| ACTION ITEM |
Give back every record exactly, images excluded.

───── DATA

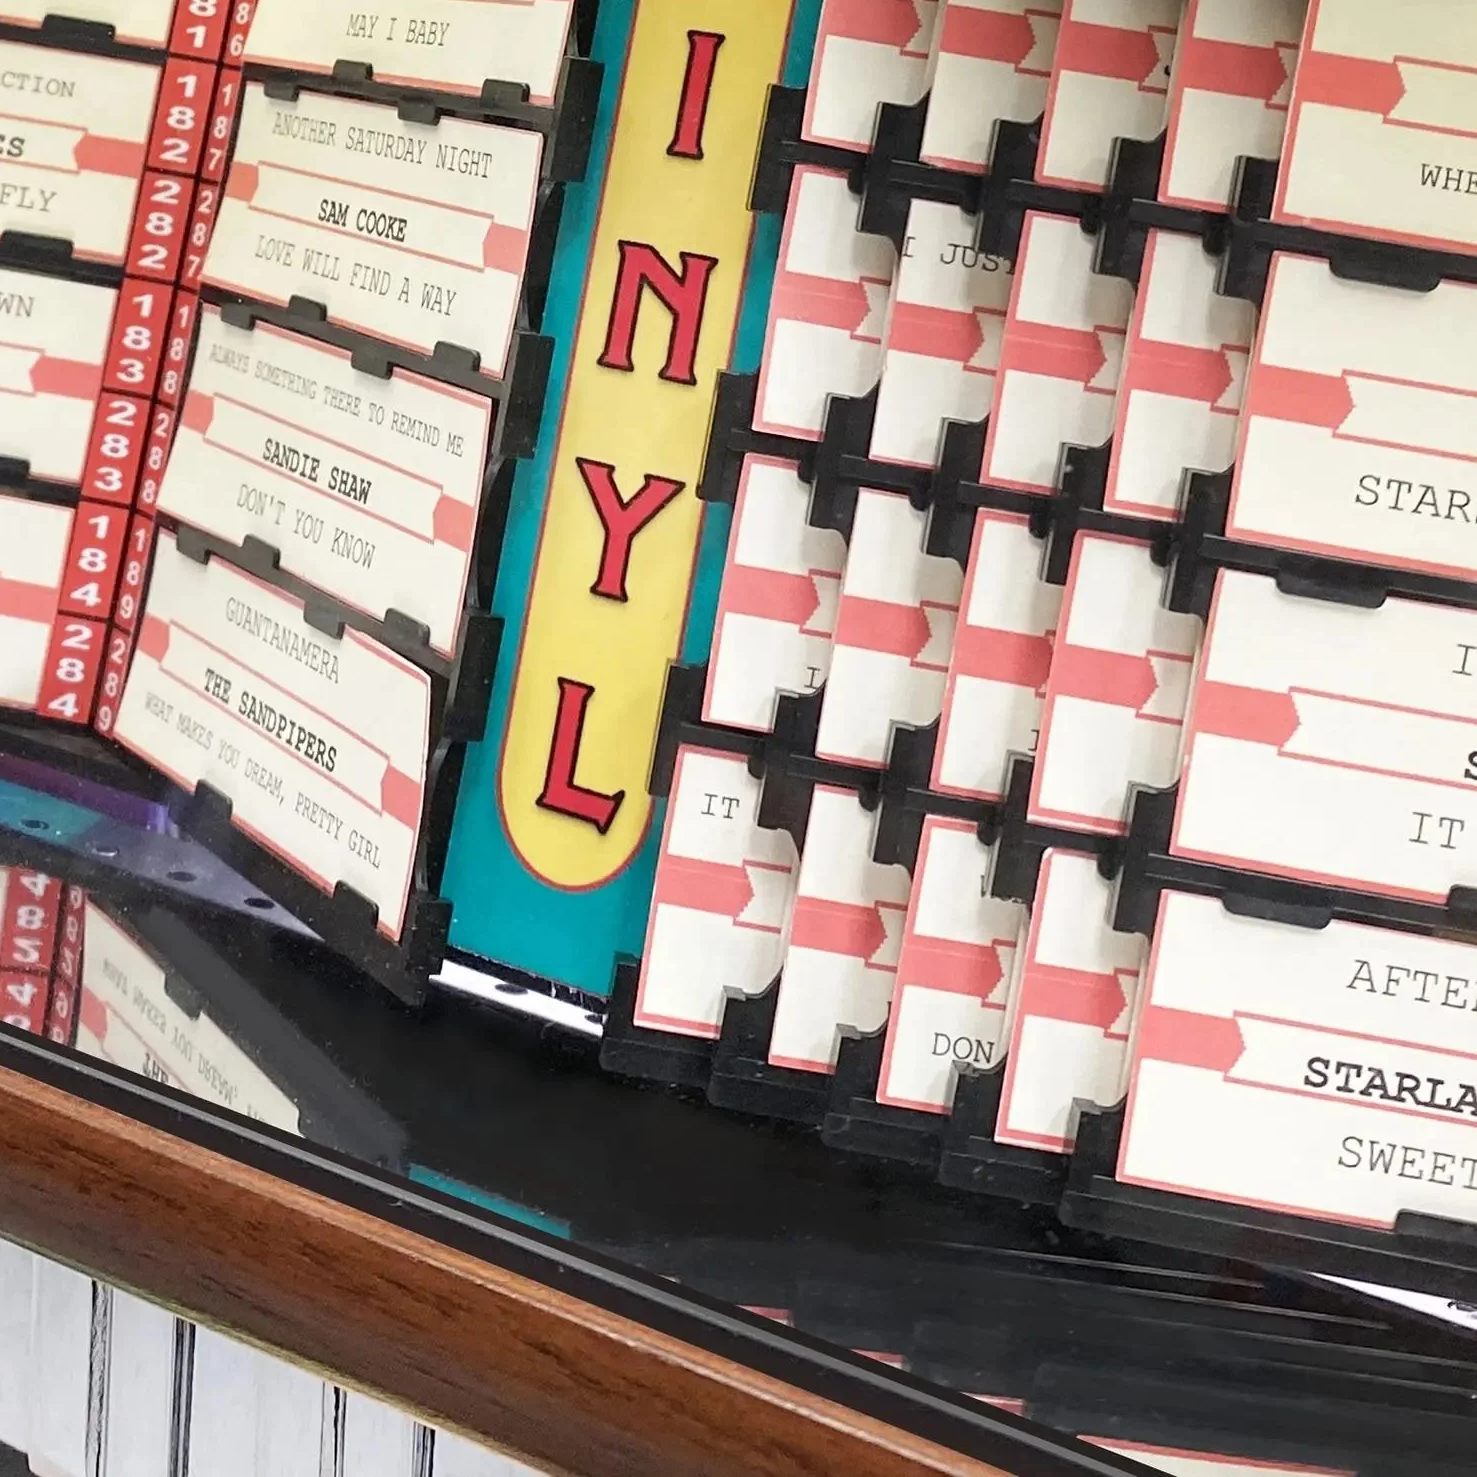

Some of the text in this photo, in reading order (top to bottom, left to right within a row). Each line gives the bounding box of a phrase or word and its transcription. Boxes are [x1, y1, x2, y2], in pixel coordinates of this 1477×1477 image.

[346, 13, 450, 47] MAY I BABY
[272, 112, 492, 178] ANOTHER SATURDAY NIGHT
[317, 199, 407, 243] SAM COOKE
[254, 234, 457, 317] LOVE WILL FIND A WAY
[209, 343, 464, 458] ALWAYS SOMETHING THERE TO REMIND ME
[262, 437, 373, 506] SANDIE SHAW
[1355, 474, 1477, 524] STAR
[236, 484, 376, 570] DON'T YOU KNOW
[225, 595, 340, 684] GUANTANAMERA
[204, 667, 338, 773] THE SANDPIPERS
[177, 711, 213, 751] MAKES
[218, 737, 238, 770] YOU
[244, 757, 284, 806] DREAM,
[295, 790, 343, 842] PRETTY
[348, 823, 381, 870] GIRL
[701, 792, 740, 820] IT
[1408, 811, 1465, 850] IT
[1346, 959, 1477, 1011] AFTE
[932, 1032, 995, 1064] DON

──────────

| RESULT FOR THIS TASK |
Some of the text in this photo, in reading order (top to bottom, left to right within a row). Each line gives the bounding box of a phrase or word and its transcription. Boxes are [x1, y1, x2, y2], in pixel coordinates of this 1477×1477 image.

[346, 13, 450, 47] MAY I BABY
[272, 112, 492, 178] ANOTHER SATURDAY NIGHT
[317, 199, 407, 243] SAM COOKE
[254, 234, 457, 317] LOVE WILL FIND A WAY
[209, 343, 464, 458] ALWAYS SOMETHING THERE TO REMIND ME
[262, 437, 373, 506] SANDIE SHAW
[1355, 474, 1477, 524] STAR
[236, 484, 376, 570] DON'T YOU KNOW
[225, 595, 340, 684] GUANTANAMERA
[204, 667, 338, 773] THE SANDPIPERS
[177, 711, 213, 751] MAKES
[218, 737, 238, 770] YOU
[244, 757, 284, 806] DREAM,
[295, 790, 343, 842] PRETTY
[348, 823, 381, 870] GIRL
[701, 792, 740, 820] IT
[1408, 811, 1465, 850] IT
[1346, 959, 1477, 1011] AFTE
[932, 1032, 995, 1064] DON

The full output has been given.